The destruction and violence wrought by the December Riots may or may not have discredited Greece’s youth but the lack of results from all that fury speaks to how bad the situation is there. Snap elections in September 2009 led to the new government revealing a figure somewhat resembling the country’s true debt. Greece’s fudged books sparked a series of ratings downgrades and set the wheels in motion for an international bailout in May 2010 and another in June 2011.
Τime to go
International investors have yet to take a haircut on Greek debt but the Troika of the IMF, EU, and European Central Bank essentially imposed a 108-euro per month pay cut on Greece’s young workers. That first bailout package included a provision lowering the minimum wage for workers under 26 to 592 euros per month, supposedly to facilitate their employment.
The plan has been an utter failure. Youth unemployment (ages 22 to 34) has almost doubled from 22% in 2010 to 40% in 2011.
In September 2010, the New York Times cited a poll that found four out of 10 college-educated Greeks were looking abroad for employment. By October, setimes.com reported that number had jumped to seven out of 10. History will show that figure sky-rocketed on November 1 when former Prime Minister George Papandreou inexplicably called for a referendum on a hard-fought deal to bail Greece out yet again. New Prime Minister Lucas Papademos was appointed strictly to deal with the country’s international creditors; competent, maybe, inspiring, no. Greeks didn’t get to elect their premier but they can vote with their feet.

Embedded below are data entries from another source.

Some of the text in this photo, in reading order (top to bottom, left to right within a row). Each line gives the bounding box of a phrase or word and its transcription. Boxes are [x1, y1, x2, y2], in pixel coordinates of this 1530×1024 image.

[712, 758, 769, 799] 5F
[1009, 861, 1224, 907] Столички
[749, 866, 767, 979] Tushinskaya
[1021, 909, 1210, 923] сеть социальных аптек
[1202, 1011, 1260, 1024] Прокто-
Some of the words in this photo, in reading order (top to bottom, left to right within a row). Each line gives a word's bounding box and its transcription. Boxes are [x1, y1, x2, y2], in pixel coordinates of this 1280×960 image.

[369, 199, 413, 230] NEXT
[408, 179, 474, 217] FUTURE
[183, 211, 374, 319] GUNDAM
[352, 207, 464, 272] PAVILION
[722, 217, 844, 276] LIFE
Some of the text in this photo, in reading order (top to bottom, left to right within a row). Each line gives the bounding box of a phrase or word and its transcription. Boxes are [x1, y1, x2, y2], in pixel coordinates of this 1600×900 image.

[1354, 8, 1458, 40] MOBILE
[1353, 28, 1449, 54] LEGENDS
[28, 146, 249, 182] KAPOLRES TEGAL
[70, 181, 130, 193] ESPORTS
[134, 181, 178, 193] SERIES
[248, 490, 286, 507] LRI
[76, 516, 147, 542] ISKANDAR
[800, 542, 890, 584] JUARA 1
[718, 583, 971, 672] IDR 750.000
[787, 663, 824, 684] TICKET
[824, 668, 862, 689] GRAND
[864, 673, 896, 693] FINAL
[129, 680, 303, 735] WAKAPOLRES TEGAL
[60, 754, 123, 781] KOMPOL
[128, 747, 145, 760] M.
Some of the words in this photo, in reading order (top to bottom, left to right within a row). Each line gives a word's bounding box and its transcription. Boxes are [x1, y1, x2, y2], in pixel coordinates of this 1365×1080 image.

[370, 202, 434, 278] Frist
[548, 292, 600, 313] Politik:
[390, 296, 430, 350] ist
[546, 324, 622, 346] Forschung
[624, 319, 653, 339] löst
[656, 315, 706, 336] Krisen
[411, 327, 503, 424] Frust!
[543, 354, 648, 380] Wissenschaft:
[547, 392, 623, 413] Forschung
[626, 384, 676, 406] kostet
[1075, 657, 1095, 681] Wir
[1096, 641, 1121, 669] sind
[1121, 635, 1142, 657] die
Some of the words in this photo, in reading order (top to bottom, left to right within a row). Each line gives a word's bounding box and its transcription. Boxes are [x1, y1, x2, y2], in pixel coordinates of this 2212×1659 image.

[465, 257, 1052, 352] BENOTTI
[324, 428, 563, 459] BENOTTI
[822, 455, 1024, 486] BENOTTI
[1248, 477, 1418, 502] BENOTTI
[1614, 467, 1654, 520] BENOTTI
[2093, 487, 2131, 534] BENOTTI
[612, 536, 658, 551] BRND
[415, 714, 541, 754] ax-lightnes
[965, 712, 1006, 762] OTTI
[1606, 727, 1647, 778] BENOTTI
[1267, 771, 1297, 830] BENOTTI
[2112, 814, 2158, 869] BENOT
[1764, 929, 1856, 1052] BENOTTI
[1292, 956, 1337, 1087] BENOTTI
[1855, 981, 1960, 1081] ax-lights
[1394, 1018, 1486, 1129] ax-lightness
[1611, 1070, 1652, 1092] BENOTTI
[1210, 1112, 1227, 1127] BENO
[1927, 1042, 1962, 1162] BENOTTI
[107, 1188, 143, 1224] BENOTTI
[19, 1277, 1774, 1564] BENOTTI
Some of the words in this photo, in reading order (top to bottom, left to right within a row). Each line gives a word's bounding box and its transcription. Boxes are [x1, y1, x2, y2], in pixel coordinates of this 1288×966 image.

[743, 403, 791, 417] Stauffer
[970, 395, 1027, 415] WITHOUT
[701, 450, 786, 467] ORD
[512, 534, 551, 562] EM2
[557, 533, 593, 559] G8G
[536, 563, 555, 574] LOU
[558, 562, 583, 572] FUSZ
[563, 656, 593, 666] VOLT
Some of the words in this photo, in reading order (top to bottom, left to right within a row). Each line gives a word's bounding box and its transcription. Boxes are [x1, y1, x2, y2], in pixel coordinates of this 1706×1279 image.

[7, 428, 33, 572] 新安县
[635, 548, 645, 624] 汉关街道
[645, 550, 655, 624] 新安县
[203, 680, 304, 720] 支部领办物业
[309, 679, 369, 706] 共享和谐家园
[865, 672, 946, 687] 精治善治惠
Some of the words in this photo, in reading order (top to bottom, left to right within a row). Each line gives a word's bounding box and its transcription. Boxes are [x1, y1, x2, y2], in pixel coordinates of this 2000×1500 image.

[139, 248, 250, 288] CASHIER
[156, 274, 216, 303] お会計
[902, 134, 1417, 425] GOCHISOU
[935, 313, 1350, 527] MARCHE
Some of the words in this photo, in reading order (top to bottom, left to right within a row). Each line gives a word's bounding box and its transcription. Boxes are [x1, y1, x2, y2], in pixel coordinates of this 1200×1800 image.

Greece’s young people can better help themselves and their country by packing their bags.
The trade is simple, in theory.
Greeks, well-educated and often bi- or tri- lingual, go abroad for better careers and send home money instead of drawing upon (paltry) state services. Even if skilled workers depart, the high unemployment rate suggests their vacancies would be filled quickly, averting a drop in tax revenue. Remittances would help offset Greece’s current-account balance since foreign direct investment (FDI) has dropped in the last two years. Families struggling with wage cuts and tax hikes would get some relief.
There are, of course, huge caveats.
Where exactly can this hypothetical third wave of Greek emigrants go in light of the international economic climate and stricter visa controls in a post 9/11 world? Will the capital Greeks take with them hurt the banking sector too deeply in the short term?
One possibility is Germany. The industrial powerhouse of the European Union that is simultaneously Greece’s savior and the bane of its existence needs engineers to fuel its booming manufacturing sector. Bankers can head to the United Arab Emirates and check out other gulf states. Australia has been active with information sessions in Athens about migration and job opportunities, particularly in that country’s Western territories. Education offers a major, albeit expensive opportunity. Thousands of Greeks already study in universities abroad and may simply not come back.
These aren’t the answers young Greeks were looking for three years ago. But if revolution isn’t the solution then emigration may have to do.